Our return to Bagdad was viâ Urugurd and Kermansha. At Urugurd we were detained for several days by the Shazadah (the reigning prince), who requested us to attend to a few patients belonging to his household, the healing of whom brought us a tolerable little sum of money, and a few handsome presents. Here again we had an opportunity of witnessing the manners and customs of the Persians. It was then Muharem (time of mourning), and the tenor of the Shazadah's order ran thus, "during the time of the mourning, all merchants are summoned to appear in the Meidan (a square in front of his palace) at three in the afternoon, in order to shed their tears for the martyrs, Hassan and Hussain." On one occasion we saw the Faratshes (Shazadah's servants) dragging a tradesman by force out of his shop, which was at the caravansary where we lived, and driving him to the Meidan. The plea of necessity was urged, to make those people weep by blows, whose feelings did not afford them tears freely. But we witnessed other atrocities, on the last days of the Muharem. We saw fakirs and dervishes, with tiger-skins round their bodies, their long black hair hanging down and covering their faces and backs, beating themselves with iron-headed clubs, till the blood flowed down their bodies. They ran like savage beasts, or maniacs, through the streets and bazaars, howling, "Ya Ali!" One of our friends, a native of Bagdad, told us, that if any of the Sunits, to which sect he belonged, should venture that day to acknowledge his religion, he would run the risk of being immolated by the fanatical Persians; so inveterate is the hatred between these two sects, though they are both Mahomedan; and this is not the case in Persia alone, but in every place where Shias and Sunits are living together. Great animosity prevails between these two

sects in India, also on the day on which the Shias expose the Tabut (coffin) in procession. In Cashmere, on these occasions, the Mahomedans burn each others' houses and shawl manufactories. From Kermansha we went to Bagdad, with a caravan carrying several embalmed dead bodies of Persians to Kerbela, their sanctuary.
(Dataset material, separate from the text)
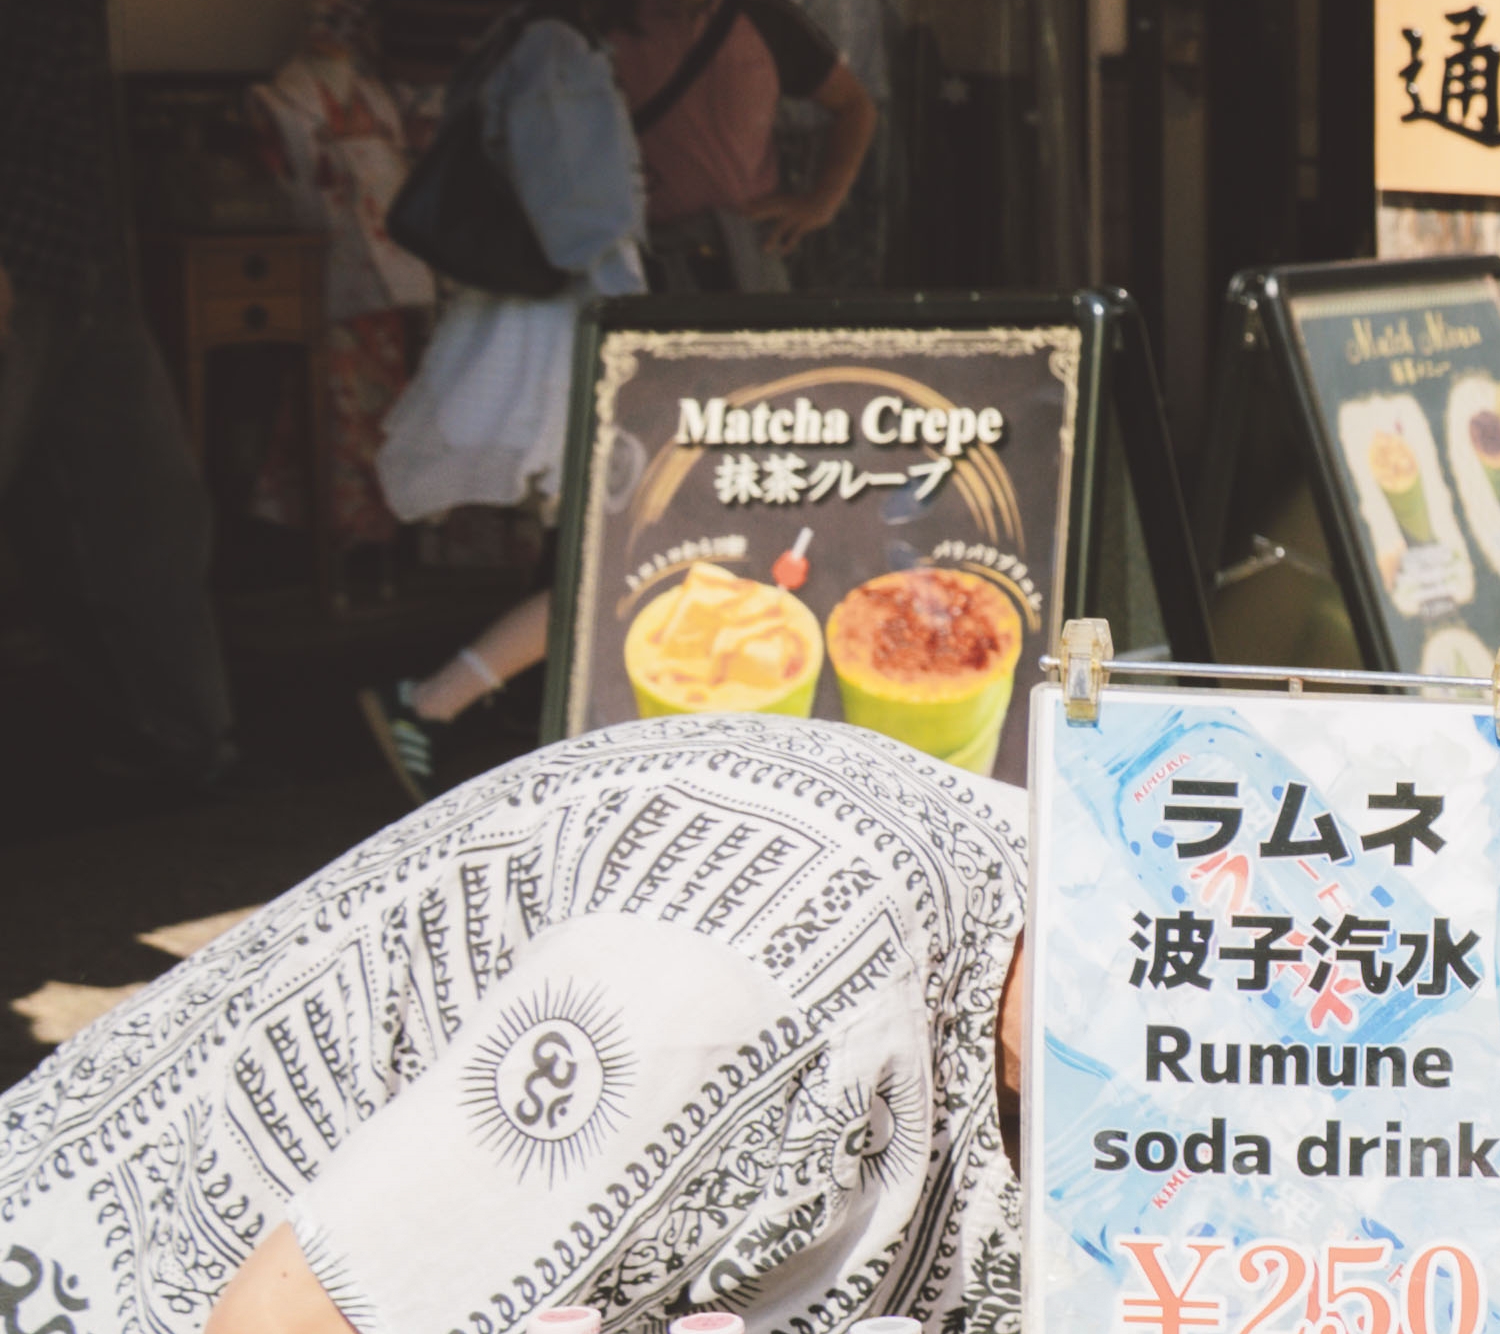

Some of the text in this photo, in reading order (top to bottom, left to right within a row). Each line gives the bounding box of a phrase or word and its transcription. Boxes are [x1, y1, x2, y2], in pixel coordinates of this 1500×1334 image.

Persia is a high plain, diversified by ranges of hills and deserts. It was in the month of August that we were on our journey, and the air was so bitterly cold on the morning of our setting out, that our very teeth chattered; I recollected that at home they call these the dog-days. We arrived at Bagdad, where M. De Turk left me, as he was resolved to return to Paris by land via Tocat and Constantinople, in order to take with him some Arabian horses; a speculation, by the way, which proved by no means lucrative. A short time after his leaving me, I received some good news from Lahore, through a Persian who had been in the service of General Avitabile, which induced me again to attempt going there at the commencement of the favourable season, i. e. the early part of the winter (1829). I felt the more inclined to do so, as the plague was already raging at Mosul, and the inhabitants of Bagdad were fearful that it might extend as far as their own city, a thing which occurred soon after. In the year 1828, there had been at Mosul and its environs, a famine, in consequence of the crops failing, and numerous families went down the Tigris to settle at Bagdad, selling their children for a mere trifle, owing to the want of means to support them. I myself saw a beautiful Christian girl purchased for twenty grush (four shillings). Scarcely had I left Bagdad when the plague broke out, and this scourge was followed by an inundation. A war, previously noticed, also broke out, during which Dohud Pasha was conducted as a prisoner to Constantinople.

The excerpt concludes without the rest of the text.